*TASK BRIEF*. Images are to be omitted, and the rest of the records reproduced exactly.

### RECORDS FOR THIS TASK

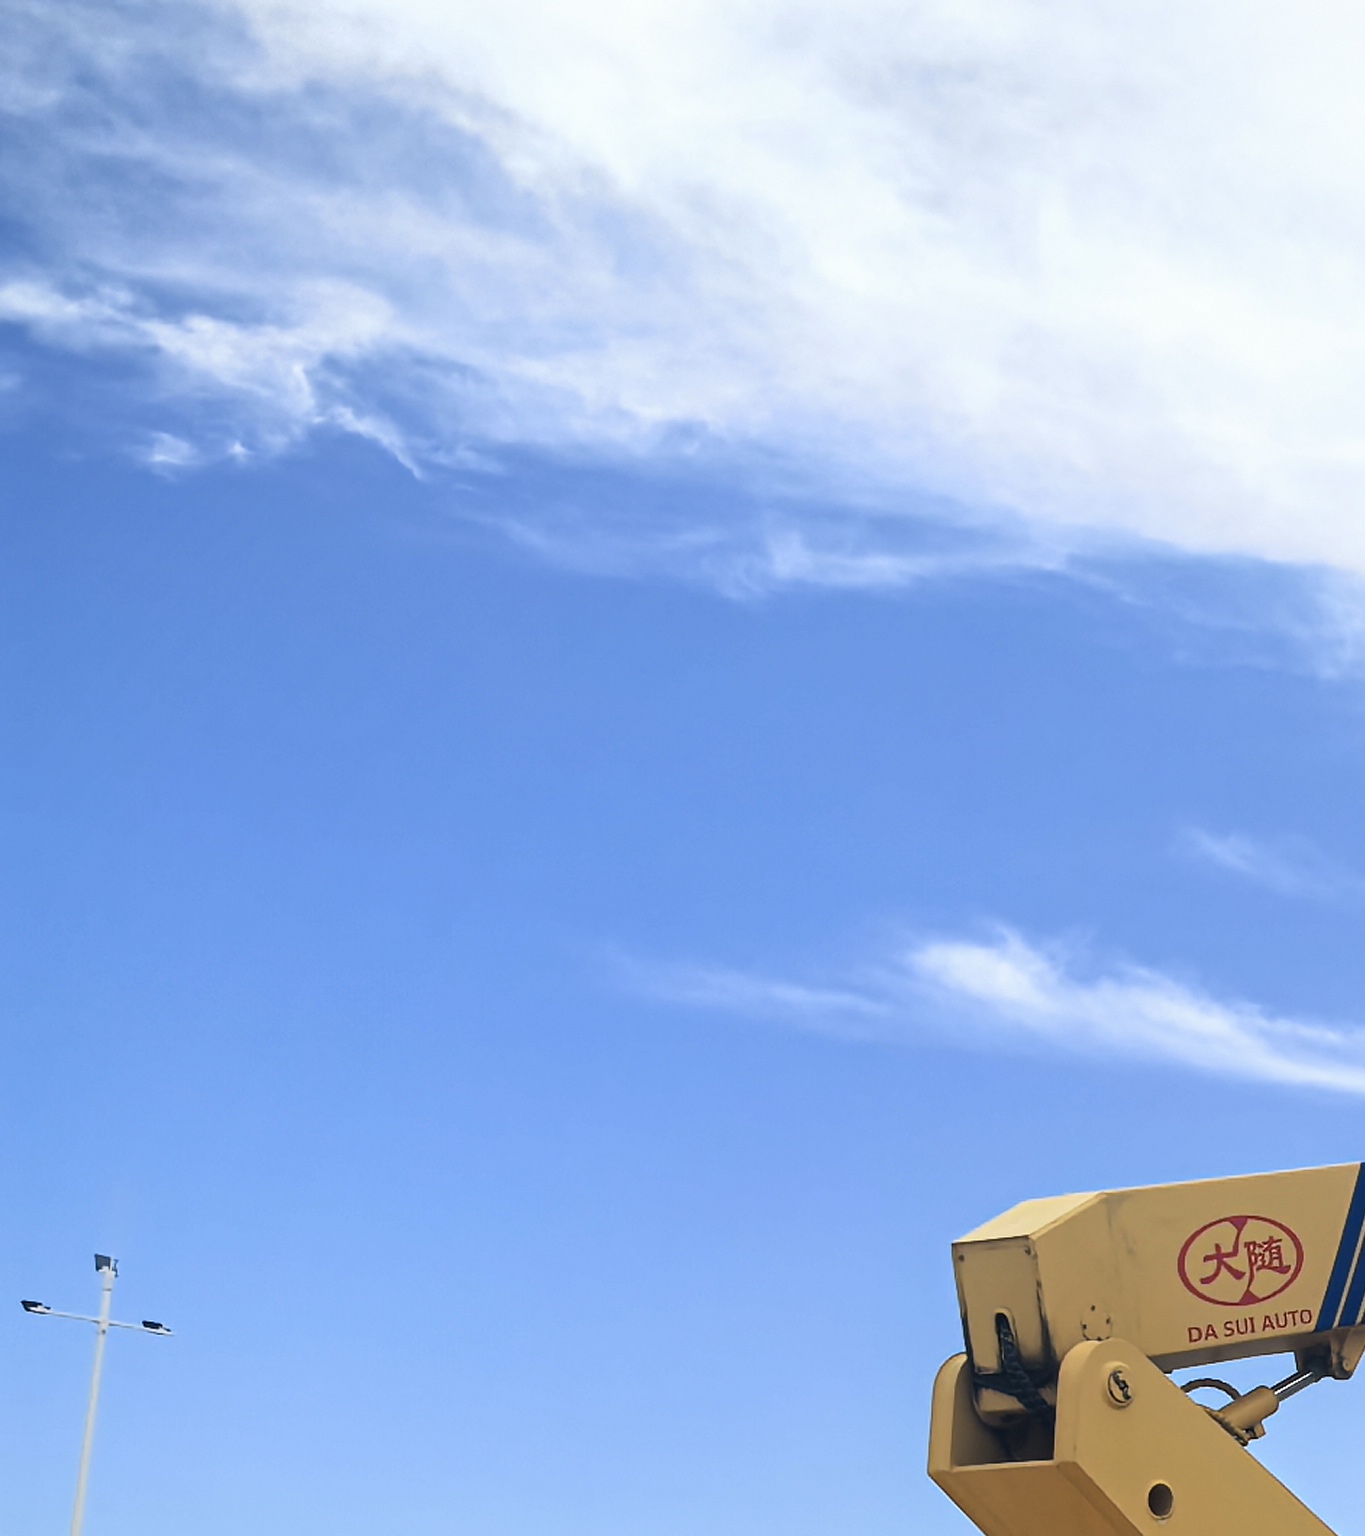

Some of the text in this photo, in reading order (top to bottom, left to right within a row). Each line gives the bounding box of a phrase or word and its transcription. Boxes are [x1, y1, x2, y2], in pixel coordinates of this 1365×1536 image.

[1187, 1308, 1313, 1343] DA SUI AUTO
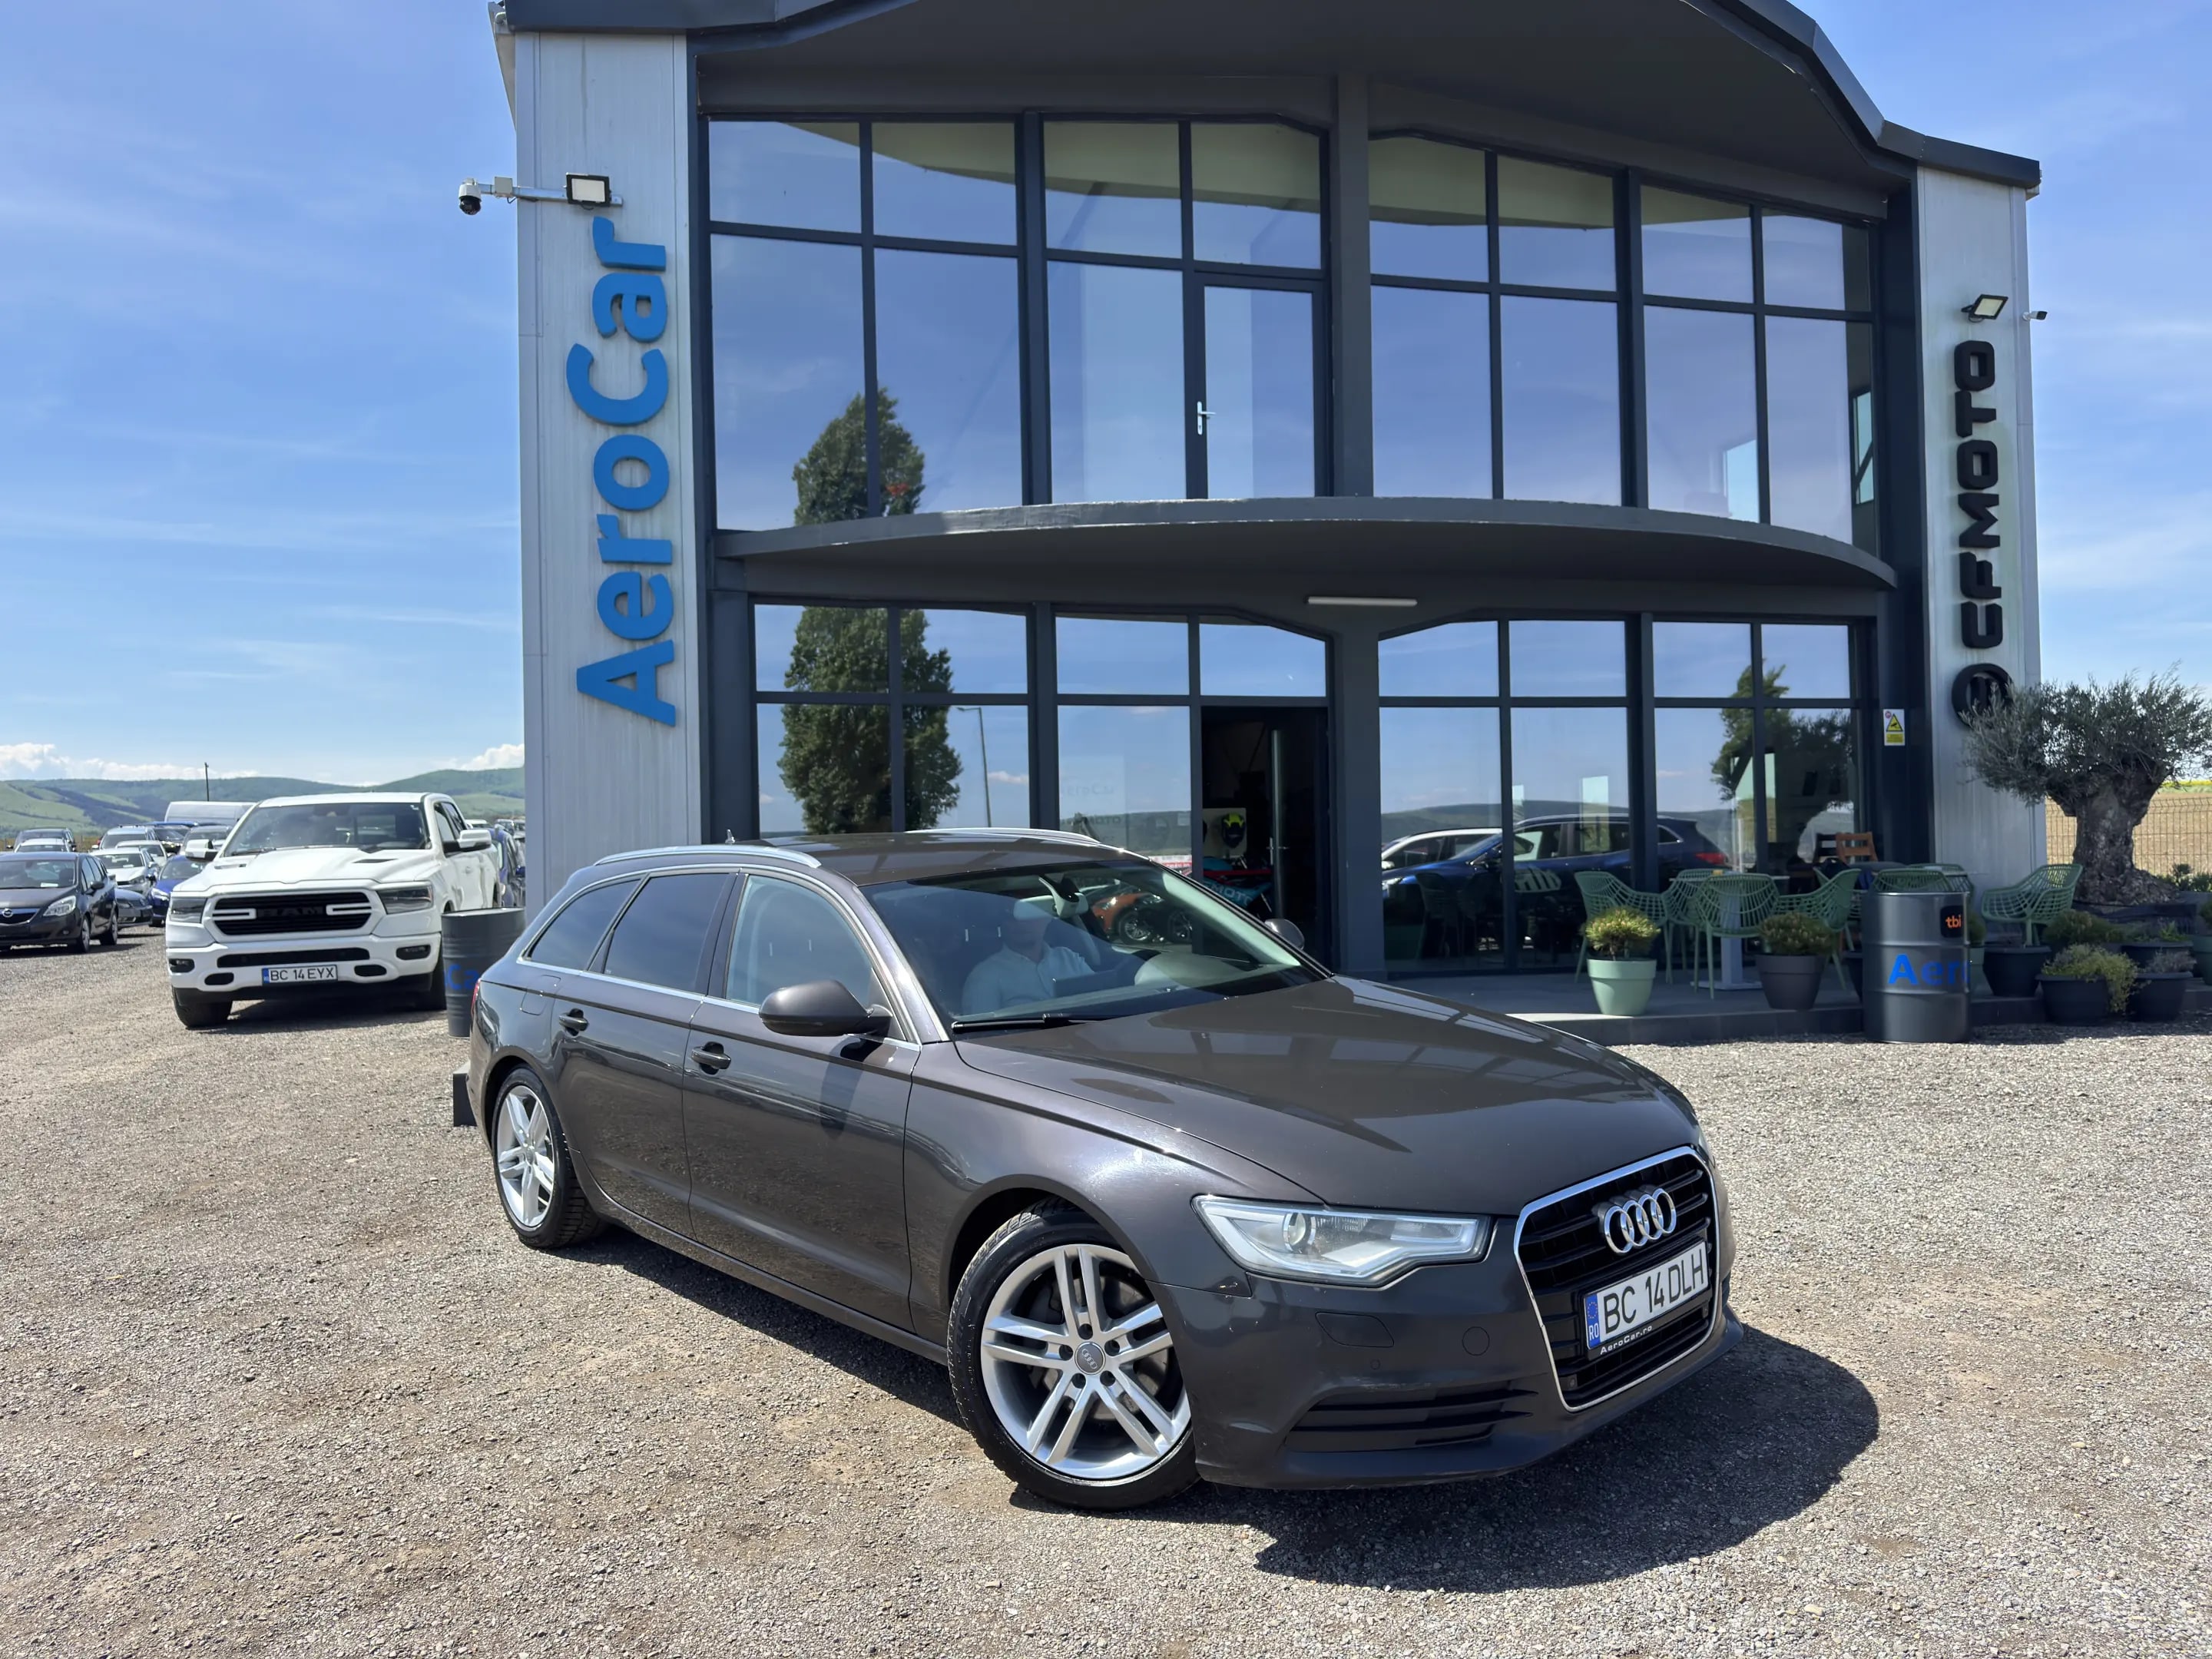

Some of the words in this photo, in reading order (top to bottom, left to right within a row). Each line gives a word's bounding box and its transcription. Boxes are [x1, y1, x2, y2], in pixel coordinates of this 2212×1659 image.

[565, 215, 676, 727] AeroCar
[1953, 340, 2003, 650] CFMOTO
[258, 906, 323, 918] RAM
[1945, 915, 1962, 929] tbi
[270, 970, 289, 982] BC
[293, 969, 305, 980] 14
[307, 967, 334, 979] EYX
[1603, 1285, 1637, 1335] BC
[1645, 1271, 1665, 1313] 14
[1667, 1248, 1704, 1305] DLH
[1588, 1323, 1600, 1342] RO
[1600, 1326, 1653, 1356] AeroCar.ro

######

*RESULT OF THIS EXERCISE*.
Some of the text in this photo, in reading order (top to bottom, left to right within a row). Each line gives the bounding box of a phrase or word and its transcription. Boxes are [x1, y1, x2, y2], in pixel coordinates of this 1365×1536 image.

[1187, 1308, 1313, 1343] DA SUI AUTO

Some of the words in this photo, in reading order (top to bottom, left to right within a row). Each line gives a word's bounding box and its transcription. Boxes are [x1, y1, x2, y2], in pixel coordinates of this 2212×1659 image.

[565, 215, 676, 727] AeroCar
[1953, 340, 2003, 650] CFMOTO
[258, 906, 323, 918] RAM
[1945, 915, 1962, 929] tbi
[270, 970, 289, 982] BC
[293, 969, 305, 980] 14
[307, 967, 334, 979] EYX
[1603, 1285, 1637, 1335] BC
[1645, 1271, 1665, 1313] 14
[1667, 1248, 1704, 1305] DLH
[1588, 1323, 1600, 1342] RO
[1600, 1326, 1653, 1356] AeroCar.ro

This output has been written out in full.